## PROBLEM DESCRIPTION
Every record below should be repeated word for word, with the pictures left out.

## DATA RECORDS
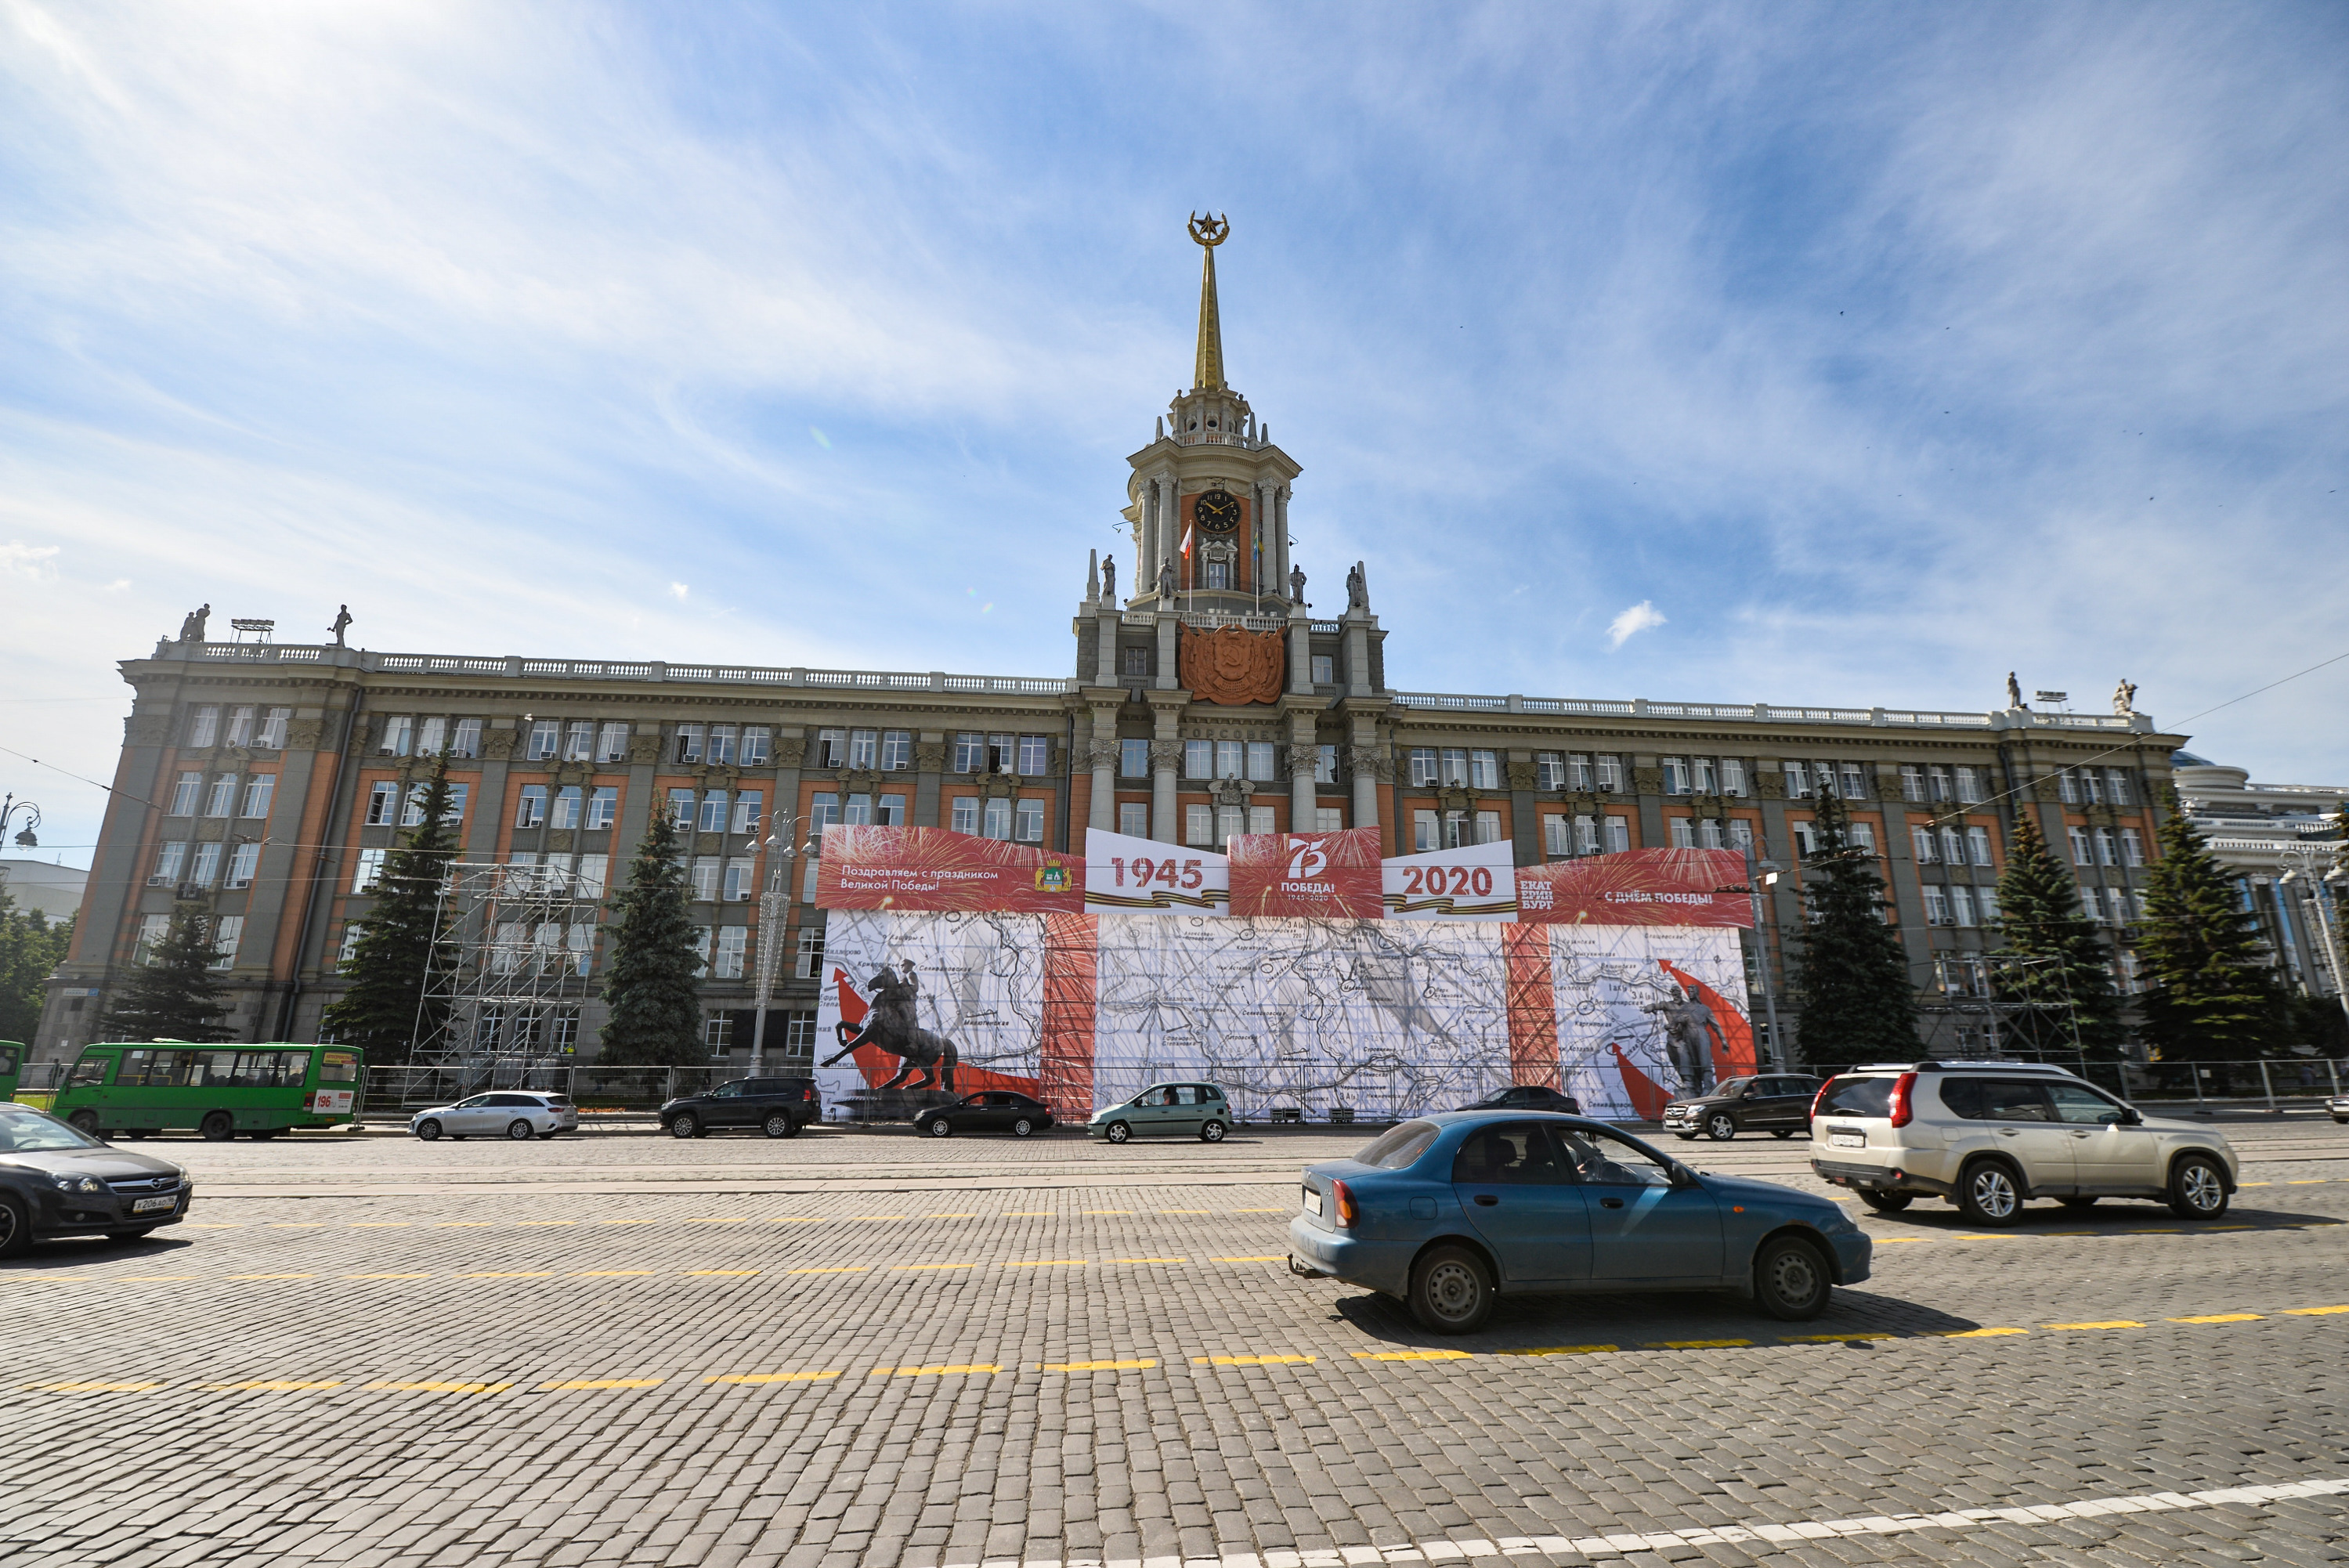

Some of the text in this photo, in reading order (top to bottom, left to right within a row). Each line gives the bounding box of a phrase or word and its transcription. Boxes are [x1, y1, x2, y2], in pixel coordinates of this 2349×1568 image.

[842, 865, 917, 879] Поздравляем
[931, 870, 998, 880] праздником
[1111, 857, 1203, 889] 1945
[840, 878, 939, 891] Великой Победы!
[1402, 865, 1493, 896] 2020
[1520, 880, 1552, 891] ЕКАТ
[1281, 882, 1335, 894] ПОБЕДА!
[1521, 890, 1553, 901] ЕРИН
[1605, 890, 1712, 905] С ДНЁМ ПОБЕДЫ!
[1522, 900, 1554, 909] БУРГ

## THE COMPLETED TASK
Some of the text in this photo, in reading order (top to bottom, left to right within a row). Each line gives the bounding box of a phrase or word and its transcription. Boxes are [x1, y1, x2, y2], in pixel coordinates of this 2349×1568 image.

[842, 865, 917, 879] Поздравляем
[931, 870, 998, 880] праздником
[1111, 857, 1203, 889] 1945
[840, 878, 939, 891] Великой Победы!
[1402, 865, 1493, 896] 2020
[1520, 880, 1552, 891] ЕКАТ
[1281, 882, 1335, 894] ПОБЕДА!
[1521, 890, 1553, 901] ЕРИН
[1605, 890, 1712, 905] С ДНЁМ ПОБЕДЫ!
[1522, 900, 1554, 909] БУРГ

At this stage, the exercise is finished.